Reste à savoir si la même position sera adoptée à l’égard des congés d’origine conventionnelle (tels que des congés trimestriels ou d’ancienneté). S’il convient d’attendre une confirmation jurisprudentielle, il est probable qu’elle aille en ce sens. En effet, la Cour de cassation, au visa du droit de l’UE, a déjà jugé à propos des congés trimestriels de la CCN 66 que la règle selon laquelle l’employeur doit prendre les mesures propres à assurer au salarié la possibilité d’exercer effectivement son droit à congé, et de justifier qu’il a accompli à cette fin les diligences qui lui incombent légalement, s’applique aux congés d’origine conventionnelle [13]. En pratique d’ailleurs, en cas d’annualisation, de nombreux accords collectifs prévoient déjà un ajustement du seuil de déclenchement des heures supplémentaires, légalement fixé à 1 607 heures, en tenant compte des congés conventionnels applicables.

3) Articuler loi et dispositions conventionnelles plus favorables

Nombre de conventions et d’accords collectifs comportent des règles plus favorables en matière de CP que celles prévues par le Code du travail, même après entrée en vigueur de la loi DDADUE. Pour savoir quel régime appliquer – légal ou conventionnel – il convient de se référer au principe de faveur. La difficulté concerne la méthode de la comparaison à adopter : salarié par salarié ou objectivement pour tous ; par période d’arrêt de travail ou par période annuelle de référence ? Sur d’autres thématiques, la Cour de cassation a déjà eu l’occasion d’opter pour une comparaison individuelle plutôt que globale [14].
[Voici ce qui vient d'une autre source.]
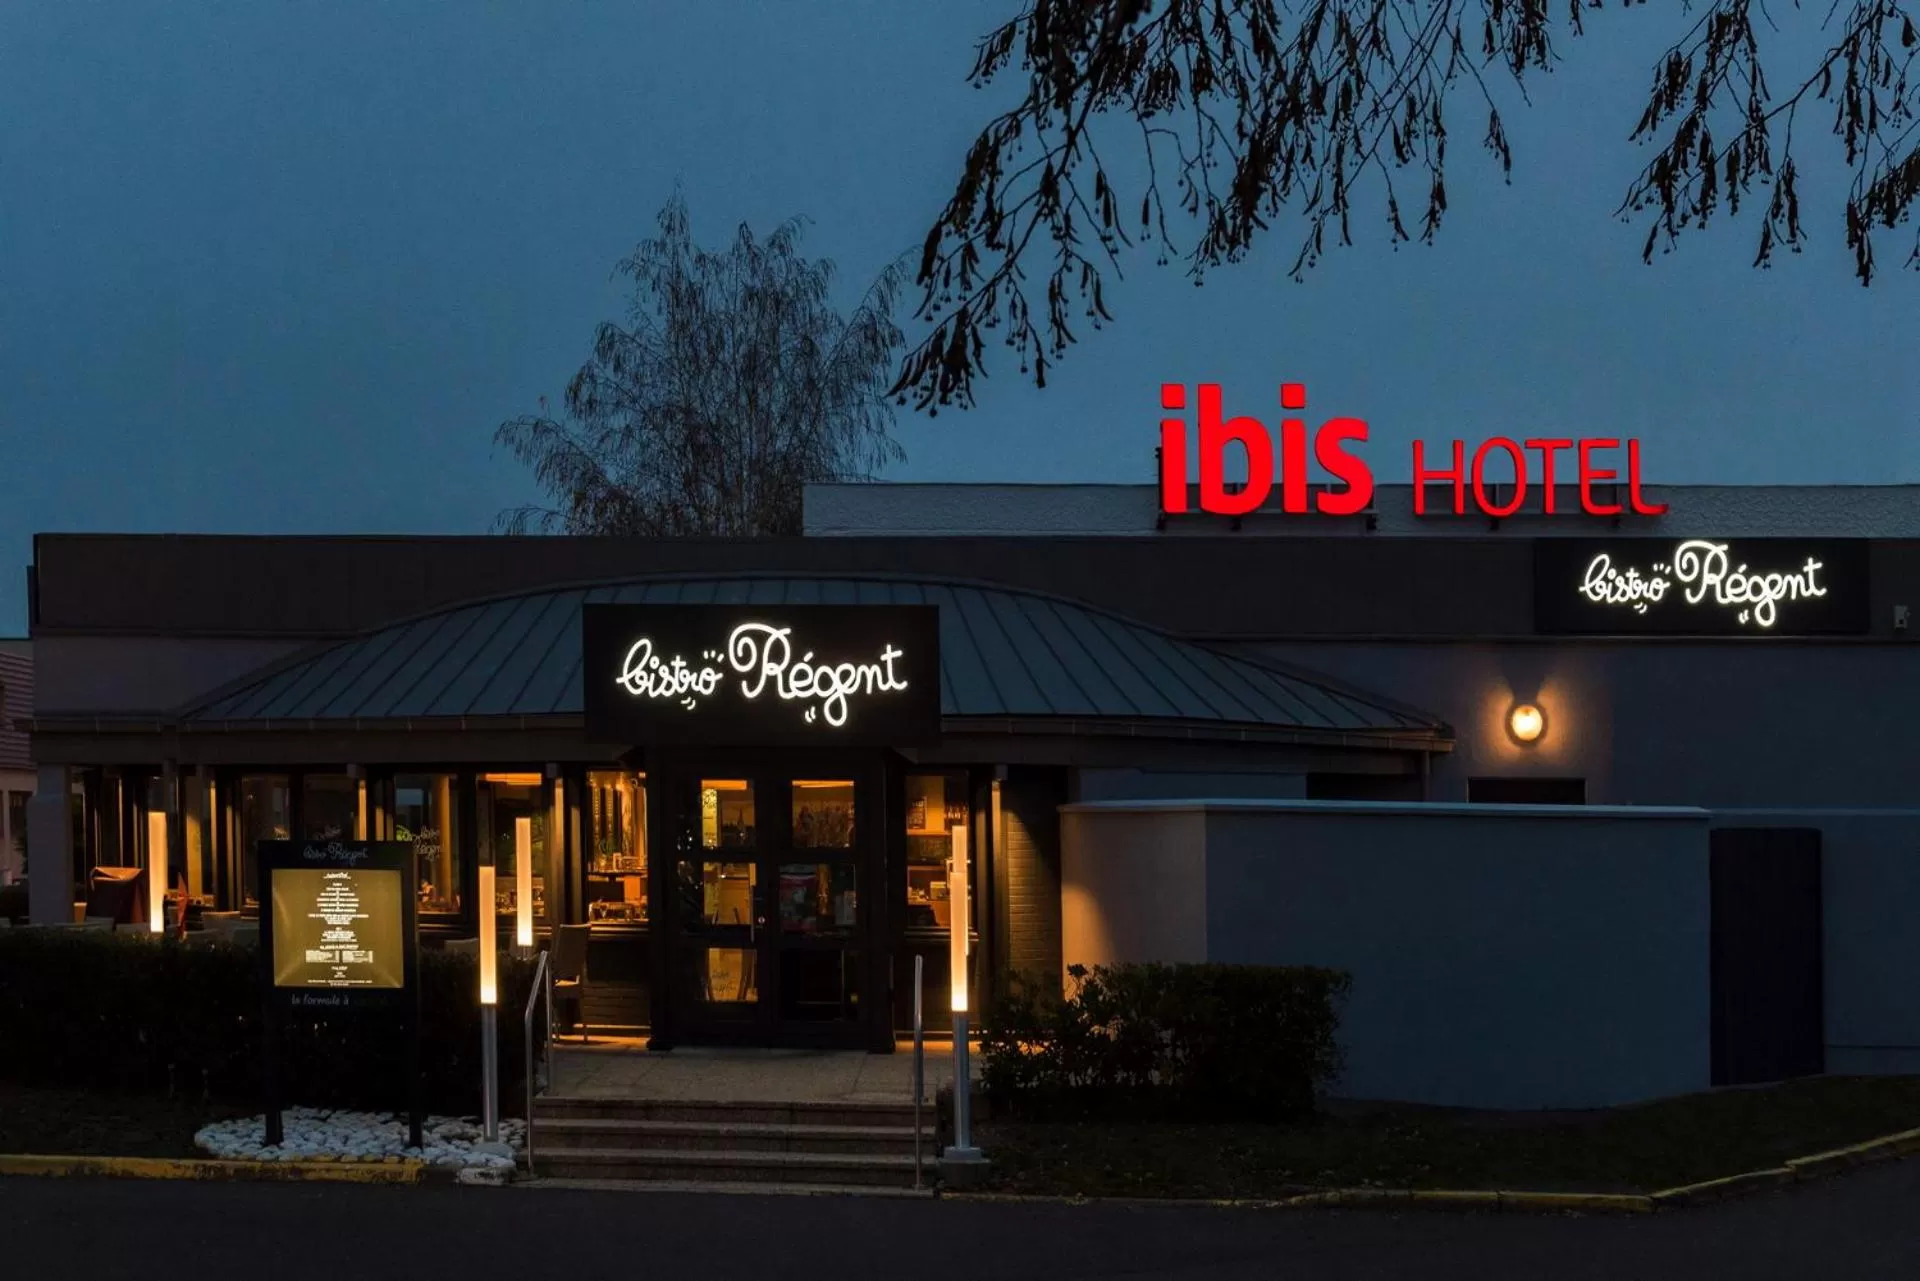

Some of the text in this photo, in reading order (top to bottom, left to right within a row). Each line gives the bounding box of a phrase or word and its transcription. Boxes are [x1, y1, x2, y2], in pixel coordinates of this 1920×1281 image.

Dans un courrier du 20 mai 2025 porté à notre connaissance, la Direction générale du travail semble se positionner pour une comparaison par période annuelle d’acquisition et individuellement pour chaque salarié.

Concrètement, à la fin de chaque année d’acquisition des congés (le 31 mai s’il s’agit de la période de référence légale), il convient de faire une comparaison entre les congés que le salarié aurait acquis en application des dispositions conventionnelles uniquement et ceux qu’il aurait acquis en application uniquement de la loi, puis de retenir le plus favorable des deux calculs.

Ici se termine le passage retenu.